Empilhada em cantos escuros de minha alma, a soberba reflexão incorreta sobre quem sou, hão de entender possivelmente, pois, minhas abstrações se limitam a nada definir com profundidade, no entanto, como aquela imagem que se esvaiu no espaço celeste, eu, você, sabemos que amanhã tudo voltará à velha rotina: morte e vida; encontros e desencontros, tempestades e calmarias; lua e sol. Vozes sussurrando palavras doces e mentirosas que são impregnadas em nossos ouvidos desacostumados com a realidade e padrões duros impostos por uma sociedade consumista.
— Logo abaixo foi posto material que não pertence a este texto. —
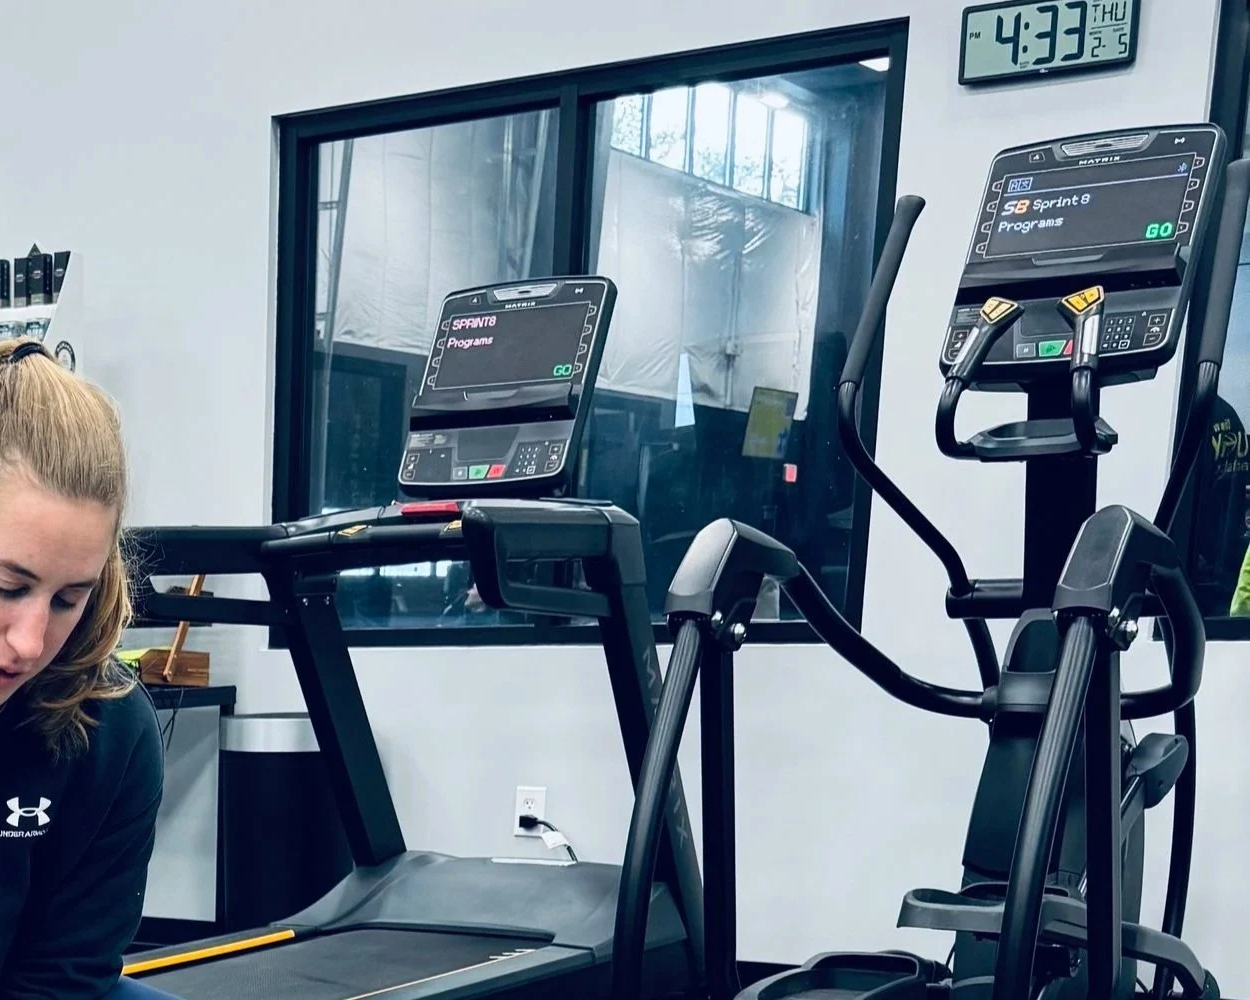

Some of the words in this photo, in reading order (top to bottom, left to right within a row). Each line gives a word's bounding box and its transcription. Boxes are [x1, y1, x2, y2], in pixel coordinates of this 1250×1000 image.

Nesse interregno, o tempo dita suas regras que são acopladas pelos pólos magnéticos que se chocam em um espaço sem gravidade. 

Por fim, com os olhos da alma desconectados, deixo de dedilhar o teclado do meu computador e vou embora para ficar fora do campo de visões que me angustiam. Assim, opto por voar nas asas da imaginação para resguardar apenas o que restou daquelas lembranças, como um sorriso angelical, uma palavra de afeto, uma foto postada, um compartilhamento, uma mensagem amiga, um comentário, um texto poético, onde se podia ler coisas importantes e regozijar das belas palavras lá escritas. Mas o olhar que sabe captar essas palavras mesmo escritas de forma hieroglíficas hão de acreditar que nele existe uma beleza pronta ou esperando para ser lapidada... Enfim, o que mais me encanta no olhar é que, o contrário da boca, eles nunca conseguem desmentir o coração e é através daquela imagem inesquecível captada através da janela de minha alma é que hei, doravante, de cristalizá-la para sempre na minha retina.